In July 2018 the group became the Islamic State – Hawran Province (ولاية حَوْرَان).

==Name==
The Khalid ibn al-Walid Army was named after a 7th-century Muslim commander named Khalid ibn al-Walid who led jihad on several regions in and around Arabia and also spearheaded the Muslim conquest of the Levant following the decisive Battle of Yarmouk.

==History==

The date on the document declaring the establishment of the group was 14 Sha'aban 1437, corresponding to Saturday 21 May 2016 and was signed by Abu Hashim al-Shami (also known as Abu Hashim al-Hamawi), the emir of the group.

On 14 August 2016, the Khalid ibn al-Walid Army launched a major attack against the Army of Conquest-held town of Hawd al-Yarmouk; however, despite heavy fighting and losses on both sides, no progress was made.

In November 2016, the Khalid ibn al-Walid Army exchanged fire with an Israel Defence Force unit stationed in the Golan Heights and then allegedly asked for apologies, according to former Israeli defense minister Moshe Ya'alon. According to Aymenn Jawad Al-Tamimi, the reported apology "was deemed to be a misconception."

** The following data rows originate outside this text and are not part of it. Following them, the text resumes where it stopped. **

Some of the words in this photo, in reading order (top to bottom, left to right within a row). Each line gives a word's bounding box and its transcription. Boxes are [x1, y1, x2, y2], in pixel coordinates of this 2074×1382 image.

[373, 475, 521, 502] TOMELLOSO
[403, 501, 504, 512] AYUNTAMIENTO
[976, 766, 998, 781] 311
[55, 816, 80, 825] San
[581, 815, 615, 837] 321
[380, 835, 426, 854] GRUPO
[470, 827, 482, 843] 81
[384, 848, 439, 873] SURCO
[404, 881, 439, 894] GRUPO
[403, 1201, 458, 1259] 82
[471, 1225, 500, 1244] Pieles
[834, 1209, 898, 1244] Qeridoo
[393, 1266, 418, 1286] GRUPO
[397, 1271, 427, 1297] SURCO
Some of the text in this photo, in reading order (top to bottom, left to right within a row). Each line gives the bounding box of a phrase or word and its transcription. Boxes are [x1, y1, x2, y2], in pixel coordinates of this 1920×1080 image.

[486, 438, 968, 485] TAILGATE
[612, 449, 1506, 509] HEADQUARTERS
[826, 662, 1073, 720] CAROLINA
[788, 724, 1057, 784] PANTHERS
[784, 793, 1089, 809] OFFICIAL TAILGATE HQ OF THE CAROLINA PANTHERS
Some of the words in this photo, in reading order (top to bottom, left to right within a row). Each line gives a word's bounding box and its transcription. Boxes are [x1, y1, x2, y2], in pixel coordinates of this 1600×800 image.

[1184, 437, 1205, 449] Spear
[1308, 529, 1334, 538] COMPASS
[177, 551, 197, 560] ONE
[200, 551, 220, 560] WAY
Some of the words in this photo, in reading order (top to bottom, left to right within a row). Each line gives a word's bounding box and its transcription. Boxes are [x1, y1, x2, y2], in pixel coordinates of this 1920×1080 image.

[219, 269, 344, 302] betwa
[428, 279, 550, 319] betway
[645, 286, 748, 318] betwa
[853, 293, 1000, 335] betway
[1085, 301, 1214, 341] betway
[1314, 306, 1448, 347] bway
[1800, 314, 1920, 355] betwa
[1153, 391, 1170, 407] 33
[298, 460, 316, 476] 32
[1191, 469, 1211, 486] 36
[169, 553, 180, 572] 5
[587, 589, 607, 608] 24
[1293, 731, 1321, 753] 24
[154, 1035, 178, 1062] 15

The group launched another offensive against the rebels in February 2017.

Logo of the Islamic State – Hawran Province

On 3 July 2018, the group became involved in the 2018 Southern Syria offensive, after launching an attack on pro-government forces in Western Daraa. They were the suspected perpetrators of a coordinated series of attacks near As-Suwayda on July 25 that killed more than 250 people and injured scores more.

In September 2019, the group released photos of a captured Syrian government intelligence officer in Daraa and later executed him.

== Territorial control and administration ==
The Khalid ibn al-Walid Army enforced the Islamic State’s form of Sharia. In the small pocket the group controlled, its fighters forced women to wear burqas and men to wear loose trousers and to grow long hair and beards. Since 2016, the group had executed more than 20 people, mostly in the town of Shajara, by beheading. The group had also locked smokers in cages and amputated people on allegations of theft.